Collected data
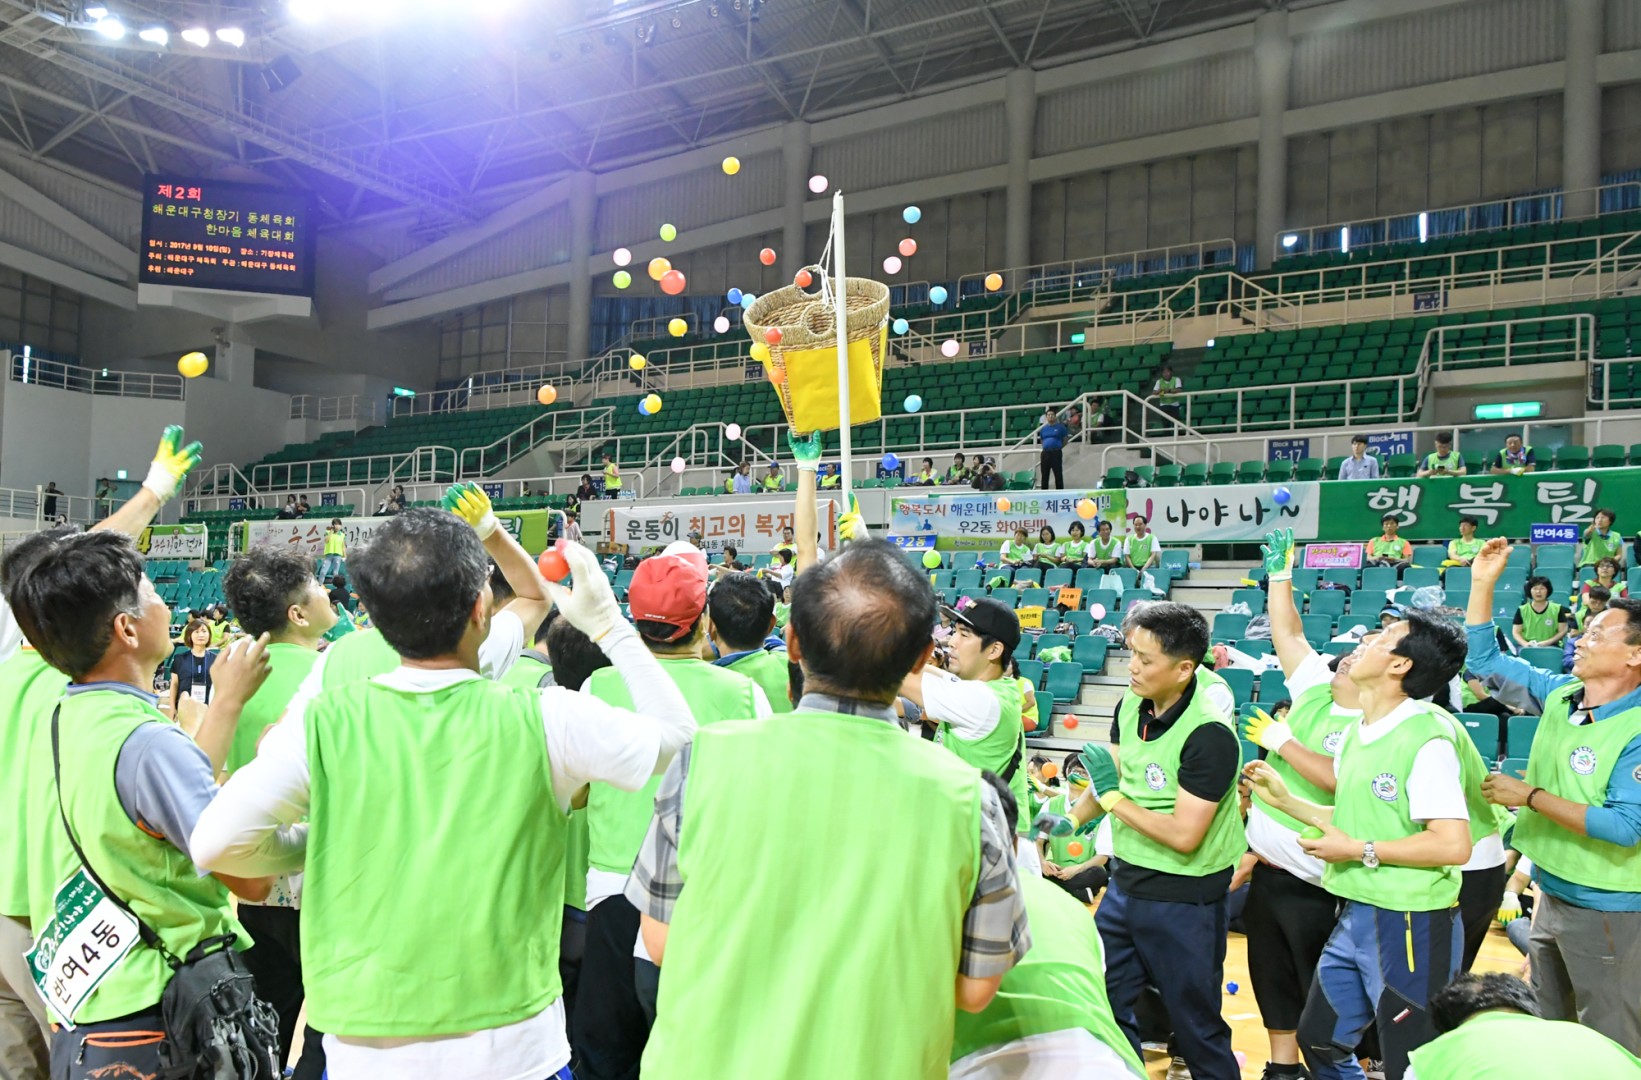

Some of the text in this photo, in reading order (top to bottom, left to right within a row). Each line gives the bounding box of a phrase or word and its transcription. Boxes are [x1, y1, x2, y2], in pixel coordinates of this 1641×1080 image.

[157, 184, 202, 201] 제2회
[152, 203, 295, 227] 해운대구청장기 동체육회
[206, 223, 295, 243] 한마음 체육대회
[899, 503, 946, 517] 행복도시
[1166, 498, 1229, 527] 나야
[626, 518, 679, 541] 운동이
[689, 513, 746, 539] 최고의
[958, 520, 992, 534] 우2동
[1533, 527, 1576, 540] 반여4동
[288, 524, 322, 552] 우승
[894, 536, 927, 548] 우2동
[53, 919, 120, 1005] 반여4동
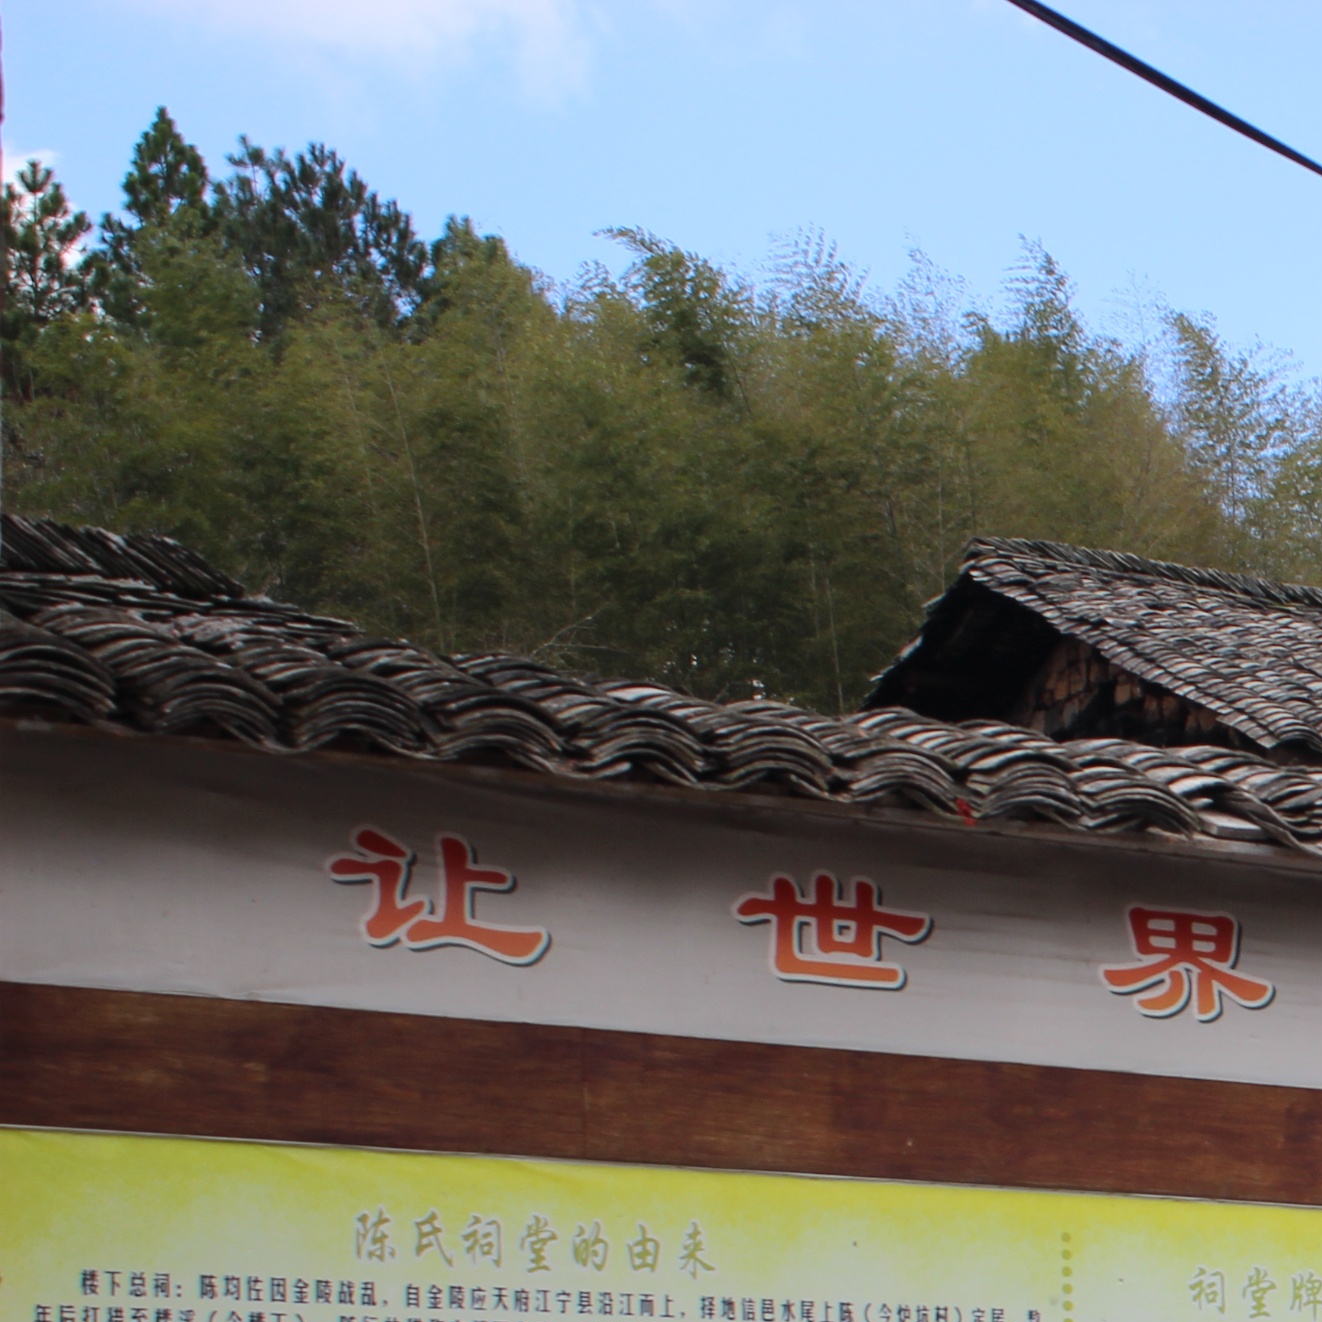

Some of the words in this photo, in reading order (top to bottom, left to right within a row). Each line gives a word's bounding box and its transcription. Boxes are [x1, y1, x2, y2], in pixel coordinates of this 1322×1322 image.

[353, 1205, 718, 1280] 陈氏祠堂的由来

TASK DESCRIPTION
The goal is an exact reprint of the entries, leaving out the pictures.

RESPONSE TO THE EXERCISE
Some of the text in this photo, in reading order (top to bottom, left to right within a row). Each line gives the bounding box of a phrase or word and its transcription. Boxes are [x1, y1, x2, y2], in pixel coordinates of this 1641×1080 image.

[157, 184, 202, 201] 제2회
[152, 203, 295, 227] 해운대구청장기 동체육회
[206, 223, 295, 243] 한마음 체육대회
[899, 503, 946, 517] 행복도시
[1166, 498, 1229, 527] 나야
[626, 518, 679, 541] 운동이
[689, 513, 746, 539] 최고의
[958, 520, 992, 534] 우2동
[1533, 527, 1576, 540] 반여4동
[288, 524, 322, 552] 우승
[894, 536, 927, 548] 우2동
[53, 919, 120, 1005] 반여4동

Some of the words in this photo, in reading order (top to bottom, left to right within a row). Each line gives a word's bounding box and its transcription. Boxes are [x1, y1, x2, y2], in pixel coordinates of this 1322×1322 image.

[353, 1205, 718, 1280] 陈氏祠堂的由来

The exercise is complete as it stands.